MAGA-Chaos: „Ich verzeihe ihm“, sagt der rebellische Republikaner, Donald Trump gibt ihrer Marjorie den Spitznamen „Verräterin“ Greene

MAGA-Chaos: „Ich verzeihe ihm“, sagt der rebellische Republikaner, Donald Trump gibt ihrer Marjorie den Spitznamen „Verräterin“ Greene
Greene sagt, sie verzeihe Trump, aber der Präsident nennt sie „Verräterin“ und „Schande“.

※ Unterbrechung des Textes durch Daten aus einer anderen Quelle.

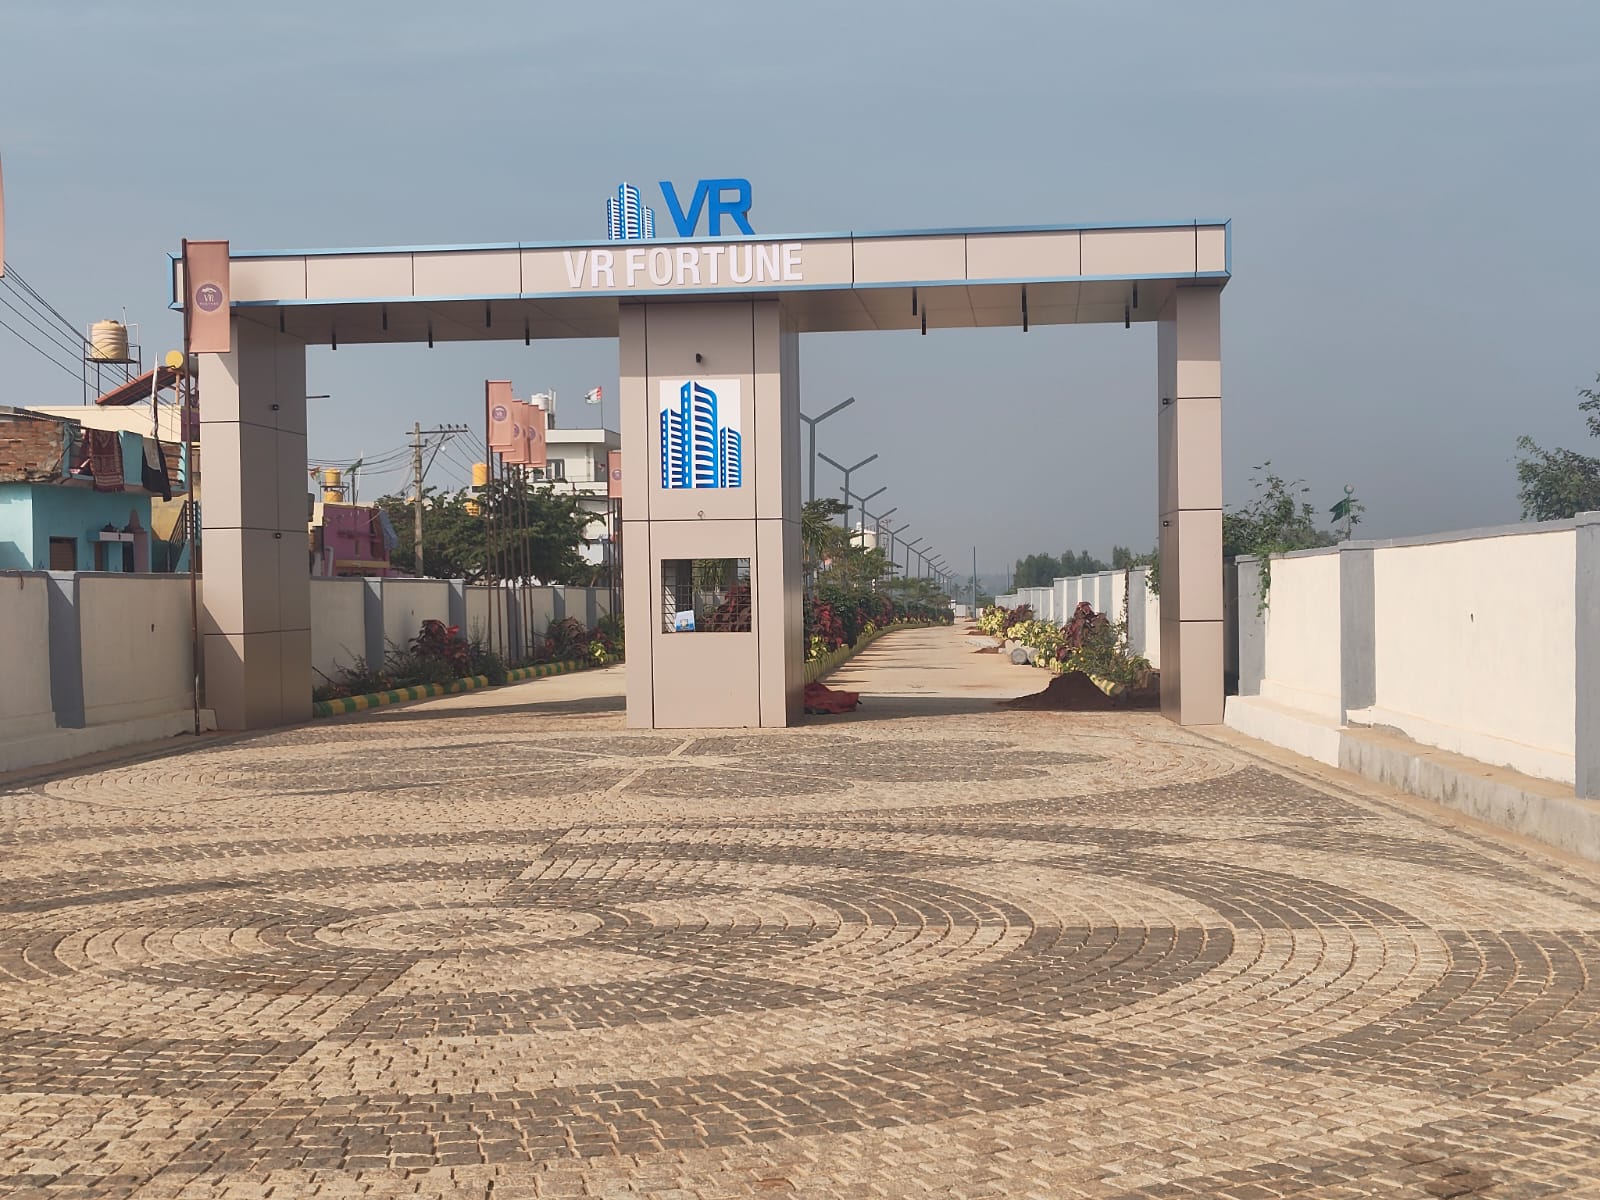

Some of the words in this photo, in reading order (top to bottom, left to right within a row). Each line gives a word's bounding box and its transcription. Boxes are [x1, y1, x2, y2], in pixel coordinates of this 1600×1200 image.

[659, 178, 755, 237] VR
[562, 249, 615, 288] VR
[625, 243, 804, 287] FORTUNE

Donald Trump und seine langjährige Verbündete Marjorie Taylor Greene setzten den Kampf der letzten Nacht dort fort, wo sie aufgehört hatten, als Trump Marjorie als „Verräterin“ bezeichnete und sie eine Schande für die Republikanische Partei nannte. Marjorie sagte, sie verzeihe Donald Trump und bete dafür, dass er zu seinen ursprünglichen MAGA-Versprechen zurückkehrt, obwohl sie laut darüber nachdachte, was in der Epstein-Akte stehen muss, dass ihre Forderung nach Veröffentlichung des gesamten Inhalts zum Wohle der weiblichen Wähler den Präsidenten so sehr verärgerte, dass er seine Unterstützung für Greene widerrief.

MTG sagt, dass es einen neuen Weg nach vorne geben muss

MTG stand Donald Trump während des politischen Sturms 2020 zur Seite und war ein langjähriger Verbündeter des Präsidenten. Aber in letzter Zeit warf sie Trump vor, seine Versprechen an das amerikanische Volk vergessen zu haben, da Trump sich zunehmend mit Außenpolitik beschäftigte. Greene verurteilte öffentlich den Zollkrieg, den Trump mit Ländern führte, und drängte die Regierung auf eine vollständige Offenlegung des Epstein-Falls. drängte auf einen neuen Gesetzentwurf zur Beendigung des H-1B-Programms.Insidern zufolge wurde Trump angesichts der ständigen Klagen Greenes ungeduldig und gab schließlich seiner Frustration und Wut nach, als er einen langen Beitrag auf Truth Social veröffentlichte, in dem er MTG losließ. Er nannte sie eine tobende Verrückte und sagte, Greene sei verärgert, weil er ihre Anrufe nicht beantworten könne. Er forderte die Republikaner auf, Greene zur Vorwahl zu machen, und sagte, die Wähler von Greene hätten genug von ihren Eskapaden. Greene wies Trumps Behauptung zurück und sagte, sie habe den Präsidenten nie angerufen, sondern tatsächlich eine Nachricht hinterlassen, dass die Regierung zum Wohle der Wählerinnen in der Angelegenheit des Sexualstraftäters Epstein Klarheit schaffen müsse.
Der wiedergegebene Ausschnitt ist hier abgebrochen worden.